But a generation has passed since Marcos had gone and a new leadership is coming up, a leadership that must exorcise itself of the tenacious stigma of the past, and this can only be done if those who knew can stand up and say with great humility, and courage, this is what really happened. Don’t repeat it.

It was those bleak years of the Marcos regime that was uppermost in my mind when it was my turn to speak at the PEN conference. I remembered Adrian’s observation about the generation gap among our writers. But most of all, I remembered how, in spite of the graciousness of writer friends, that regime was oppressive, malignant and murderous—and I pray it would never recur.
This is my valedictory:

Those of us who have reached this rickety age—who have written this long, we all know that our most important asset is memory, the capacity to remember, to know history, our past and to retrieve from this treasure trove those artifices which we then shape so carefully, so lovingly. Then we hope our puny creation is literature.

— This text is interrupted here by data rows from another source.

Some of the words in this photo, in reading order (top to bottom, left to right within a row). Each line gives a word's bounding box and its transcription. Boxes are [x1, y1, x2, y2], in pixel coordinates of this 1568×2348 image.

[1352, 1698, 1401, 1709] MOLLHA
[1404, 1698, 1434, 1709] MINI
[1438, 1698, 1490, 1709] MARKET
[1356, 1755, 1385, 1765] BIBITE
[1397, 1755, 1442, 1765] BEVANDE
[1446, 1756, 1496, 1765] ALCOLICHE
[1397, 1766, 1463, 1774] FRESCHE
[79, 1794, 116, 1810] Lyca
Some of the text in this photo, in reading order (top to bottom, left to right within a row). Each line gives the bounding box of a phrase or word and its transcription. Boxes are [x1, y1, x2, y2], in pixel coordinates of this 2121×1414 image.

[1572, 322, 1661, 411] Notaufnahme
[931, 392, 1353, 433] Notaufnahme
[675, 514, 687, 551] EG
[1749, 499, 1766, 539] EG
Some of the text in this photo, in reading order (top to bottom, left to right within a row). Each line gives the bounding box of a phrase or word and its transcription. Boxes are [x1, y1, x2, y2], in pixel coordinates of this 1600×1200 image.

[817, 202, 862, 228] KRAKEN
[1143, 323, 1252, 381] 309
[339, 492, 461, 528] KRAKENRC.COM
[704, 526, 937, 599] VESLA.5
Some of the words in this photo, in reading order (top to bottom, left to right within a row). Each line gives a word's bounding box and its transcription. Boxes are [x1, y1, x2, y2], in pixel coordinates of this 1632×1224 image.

Fifty years—to use that tired cliché, is a lot of water under the bridge. What does this half a century tell us, if it tells us anything at all?

For those of you who are oh so young, so eager and so hopeful, let this old man repeat what he had said again and again, that half a century ago, we did not wallow in the muck of corruption, this squalid political moro-moro. We were then the leading nation in Southeast Asia, with a high standard of living next only to Japan.

How I strutted then when I visited our backward neighbors. We had the best schools, the best professionals, yes—because we were the best. But what happened?

And so, what has the past taught us—if it did teach us anything at all? What now can you who don’t know ever retrieve from it?

These five decades taught us to know ourselves, our weaknesses so that we may vanquish them, and our strengths so that we can walk toward the light with firmer steps.

As writers, we know we are not a people who read although our national hero was a novelist.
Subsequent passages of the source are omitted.